La répression violente de ce mouvement populaire n’a pas empêché une mobilisation accrue des forces démocratiques qui a permis l’heureux dénouement que l’on connaît.

Pour autant, le seul départ de M. Ben Ali ne suffit pas à garantir le rétablissement d’une vie démocratique et d’un Etat de droit. La permanence des liens entre l’Etat et le RCD qu’illustre l’appartenance, jusqu’à une date récente, à cette formation politique du Président de la République par intérim, du Premier ministre et de plusieurs ministres nommés aux fonctions les plus importantes soulèvent les plus grandes inquiétudes. Cette situation est vivement rejetée par les partis d’opposition et la société civile.

Les incertitudes qui planent sur le nombre exact de personnes décédées, les conditions dans lesquelles plusieurs dizaines de prisonniers ont trouvé la mort, l’attitude de membres de force de l’ordre pris en flagrant délit de pillage ou d’agression, parfois en civil, les violences commises par des bandes armées qui dépendraient du RCD, contribuent fortement aux inquiétudes du peuple tunisien et doivent faire l’objet d’urgence d’une enquête impartiale.

Dans ce contexte, le REMDH entend émettre les recommandations suivantes :

A l’égard des autorités tunisiennes et sans autre délai :

· Rendre publique une liste des personnes arrêtées lors des manifestations. S’assurer que les forces de police ne procèdent plus à des arrestations arbitraires et ne se livrent pas à des mauvais traitements ou des actes de torture.

· S’assurer que les bandes armées qui ont sévi ne sont plus en mesure d’agir et ouvrir une information judiciaire à l’encontre des personnes arrêtées à ce titre.

· Mettre effectivement en liberté tous les manifestants en faveur de la liberté arrêtés lors des évènements. Mettre en liberté tous les prisonniers d’opinion qu’ils soient condamnés et détenus sous couvert de motifs de droit commun ou sous couvert de motifs politiques. Mettre un terme sans délai aux procédures qui peuvent encore exister contre les opposants politiques.

· Mettre fin aux écoutes téléphoniques et dissoudre les services de police politique. S’assurer de la conservation de leurs archives.

· Prendre les mesures d’urgence nécessaires, en Tunisie et à l’étranger, pour séquestrer les biens provenant de la corruption et arrêter les personnes soupçonnées de tels faits.

· Assurer la libre circulation de tous les Tunisiens ce qui implique la restitution de leurs passeports à tous ceux qui en font la demande et la fin des limitations imposées aux fonctionnaires.

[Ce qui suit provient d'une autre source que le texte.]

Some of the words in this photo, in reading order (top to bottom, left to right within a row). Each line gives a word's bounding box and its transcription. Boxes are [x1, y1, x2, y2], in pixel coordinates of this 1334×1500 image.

· Rétablir la liberté de la presse et de la communication en mettant un terme à toute immixtion dans l’accès à Internet et en reconnaissant la liberté d’édition et d’impression. Assurer l’indépendance des médias propriétés de la puissance publique.

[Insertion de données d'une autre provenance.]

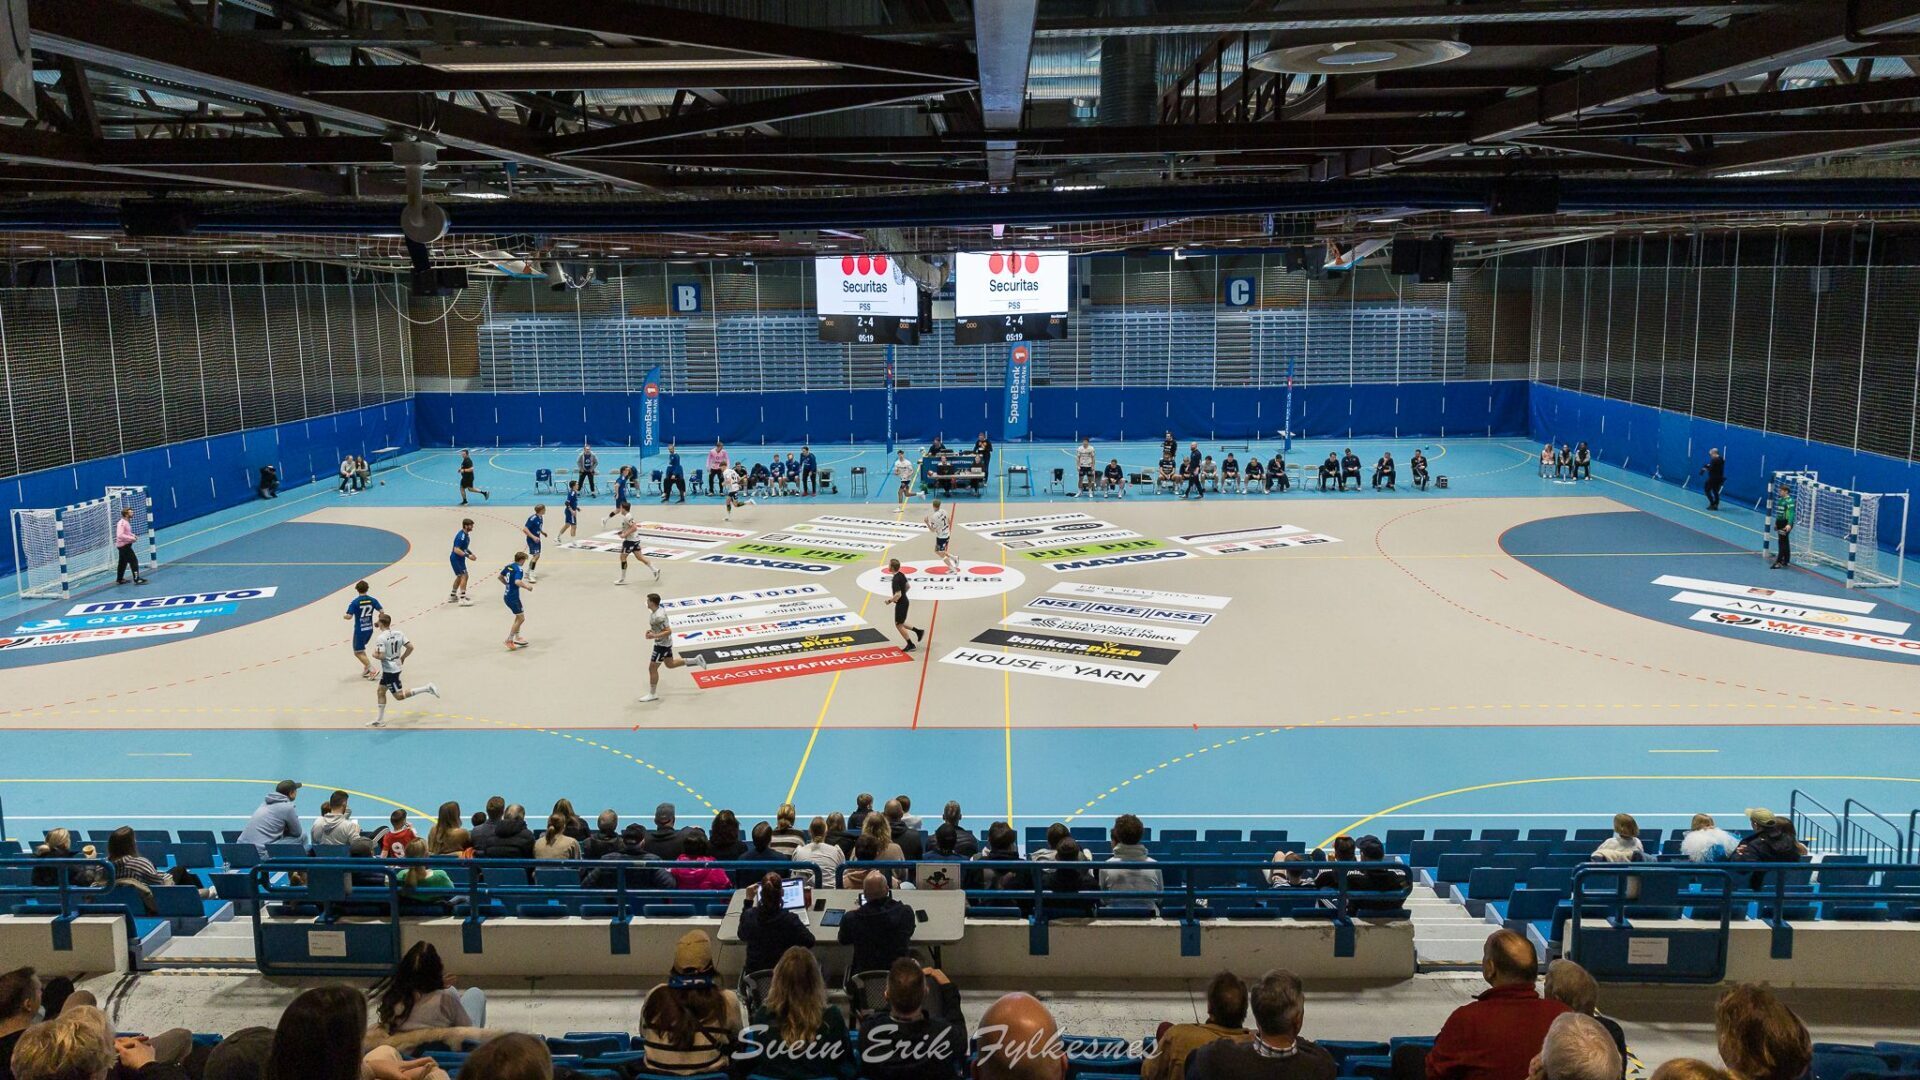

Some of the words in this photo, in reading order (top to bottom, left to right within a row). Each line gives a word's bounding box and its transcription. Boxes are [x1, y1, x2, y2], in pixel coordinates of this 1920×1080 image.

[843, 280, 888, 294] Securitas
[989, 279, 1039, 292] Securitas
[1230, 280, 1250, 305] C
[678, 286, 696, 311] B
[859, 302, 871, 311] PSS
[1008, 302, 1020, 310] PSS
[858, 334, 874, 342] 05:19
[1006, 333, 1022, 341] 05:19
[1008, 366, 1020, 424] SpareBank
[644, 398, 653, 446] SpareBank
[698, 556, 832, 572] MAXBO
[1053, 551, 1188, 570] MAXBO
[754, 587, 816, 598] 1000
[1037, 598, 1086, 608] NSE
[1095, 604, 1144, 614] NSE
[360, 606, 373, 618] 72
[1154, 610, 1204, 621] NSE
[41, 623, 184, 642] WESTCO
[706, 615, 846, 636] INTERSPORT
[1062, 620, 1154, 634] STAVANGER
[700, 650, 904, 683] SKAGENTRAFIKKSKOLE
[954, 652, 1048, 670] HOUSE
[1073, 666, 1146, 683] YARN

· Rétablir la liberté d’association en mettant un terme aux régimes d’autorisation préalable des partis politiques, des associations et des syndicats et en cessant d’interférer dans leur financement.

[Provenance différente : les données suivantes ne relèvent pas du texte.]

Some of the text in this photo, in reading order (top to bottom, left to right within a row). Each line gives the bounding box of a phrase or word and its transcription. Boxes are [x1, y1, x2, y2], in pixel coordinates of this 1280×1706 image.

· Mettre un terme effectif aux liens entre l’appareil d’Etat et le RCD. La fin de la mise à disposition de fonctionnaires au bénéfice de ce parti, la restitution des biens immobiliers appartenant à la puissance publique et attribués au RCD, comme la confiscation des avoirs de cette organisation sont des exigences minimales.

· D’user des mesures utiles pour assurer le respect des besoins immédiats de la population, y compris des personnes n’ayant pas de travail.

A l’égard de ces mêmes autorités et à court terme :

· Il appartient au président de la République intérimaire de nommer un gouvernement de transition qui ait la confiance de la population ce qui implique nécessairement l’exclusion, notamment des ministères régaliens, des personnalités les plus engagées avec l’ancien régime.

· Les trois commissions dont la création a été annoncée et qui concernent le déroulement des évènements, la corruption et la réforme des institutions et des lois doivent être composées, à l’initiative de leurs présidents, de personnalités indépendantes issues de la société civile et reconnues par tous. Elles doivent pouvoir agir en toute indépendance, bénéficier des moyens nécessaires et de la collaboration de tous les services de l’Etat. Nul ne doit être en mesure de s’opposer à leurs investigations. Leurs travaux doivent être rendus publics dans un délai raisonnable et préalablement déterminé.

· Engager les réformes législatives nécessaires à la tenue d’élections législatives et présidentielle, libres, sincères et transparentes, sous observation internationale, dans un délai raisonnable qui permette un réel débat démocratique.

· Rétablir un fonctionnement non partisan de toutes les institutions.

· Créer une commission indépendante chargée d’apprécier les violations graves des droits de l’Homme depuis l’indépendance de la Tunisie, de déterminer les responsabilités, d’identifier les victimes et d’assurer la réparation des préjudices individuels et collectifs subis. Cette commission doit proposer les mesures nécessaires pour que de tels faits ne se reproduisent plus. Il appartiendra au peuple tunisien d’apprécier la manière dont les responsabilités encourues par les auteurs de ces violations seront sanctionnées.

Plus généralement, les autorités tunisiennes mais aussi toutes les composantes de la société civile et tous les partis politiques doivent entamer un processus de réformes qui s’appuie sur les engagements internationaux de la Tunisie en matière de droits de l’Homme, de bonne gouvernance, de démocratie, d’indépendance de la Justice, d’égalité de genre et de respect absolu de la liberté de conscience.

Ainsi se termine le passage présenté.